• **TASK INSTRUCTIONS**: Only the text should be kept: print every entry below exactly and leave each image out.

[Images for object localization]
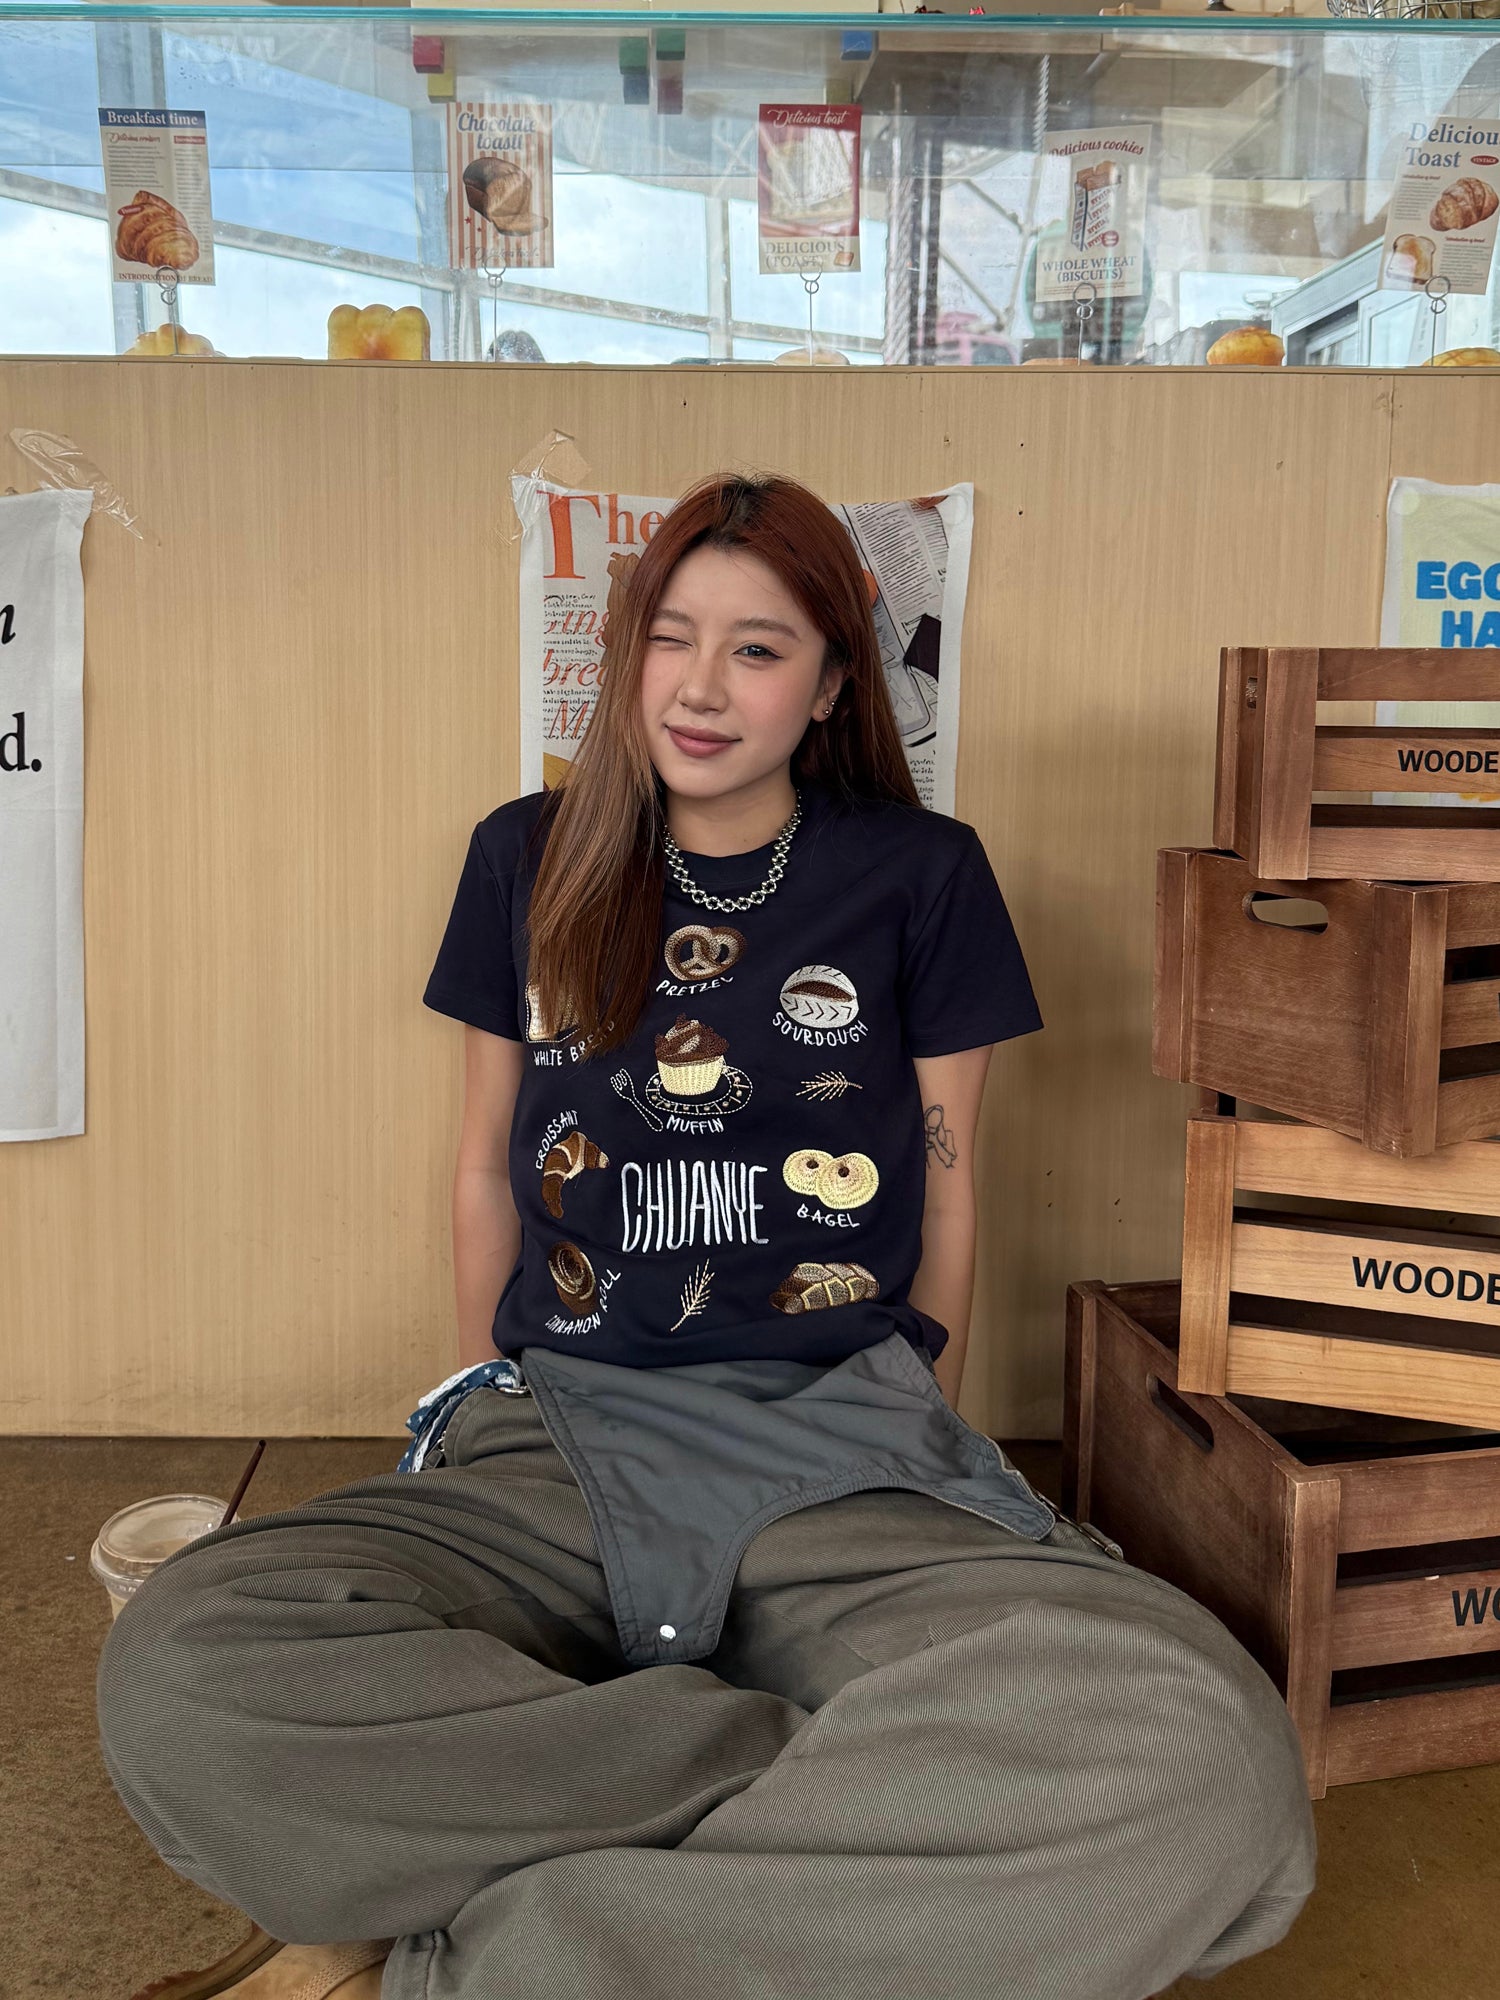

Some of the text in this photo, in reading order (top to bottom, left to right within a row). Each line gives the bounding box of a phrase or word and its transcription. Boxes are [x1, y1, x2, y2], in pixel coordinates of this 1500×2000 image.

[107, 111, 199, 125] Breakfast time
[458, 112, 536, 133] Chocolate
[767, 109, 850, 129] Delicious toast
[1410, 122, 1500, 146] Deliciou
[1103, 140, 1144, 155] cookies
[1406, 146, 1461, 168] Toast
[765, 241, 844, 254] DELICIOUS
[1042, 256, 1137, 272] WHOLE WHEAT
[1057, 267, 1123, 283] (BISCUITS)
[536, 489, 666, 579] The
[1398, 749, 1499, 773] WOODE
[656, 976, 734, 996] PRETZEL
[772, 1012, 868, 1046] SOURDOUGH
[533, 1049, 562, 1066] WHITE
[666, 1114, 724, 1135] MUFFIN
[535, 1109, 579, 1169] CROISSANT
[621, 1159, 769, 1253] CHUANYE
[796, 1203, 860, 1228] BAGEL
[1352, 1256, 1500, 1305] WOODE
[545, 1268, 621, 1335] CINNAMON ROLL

• **ANSWER BELOW**:
Some of the text in this photo, in reading order (top to bottom, left to right within a row). Each line gives the bounding box of a phrase or word and its transcription. Boxes are [x1, y1, x2, y2], in pixel coordinates of this 1500×2000 image.

[107, 111, 199, 125] Breakfast time
[458, 112, 536, 133] Chocolate
[767, 109, 850, 129] Delicious toast
[1410, 122, 1500, 146] Deliciou
[1103, 140, 1144, 155] cookies
[1406, 146, 1461, 168] Toast
[765, 241, 844, 254] DELICIOUS
[1042, 256, 1137, 272] WHOLE WHEAT
[1057, 267, 1123, 283] (BISCUITS)
[536, 489, 666, 579] The
[1398, 749, 1499, 773] WOODE
[656, 976, 734, 996] PRETZEL
[772, 1012, 868, 1046] SOURDOUGH
[533, 1049, 562, 1066] WHITE
[666, 1114, 724, 1135] MUFFIN
[535, 1109, 579, 1169] CROISSANT
[621, 1159, 769, 1253] CHUANYE
[796, 1203, 860, 1228] BAGEL
[1352, 1256, 1500, 1305] WOODE
[545, 1268, 621, 1335] CINNAMON ROLL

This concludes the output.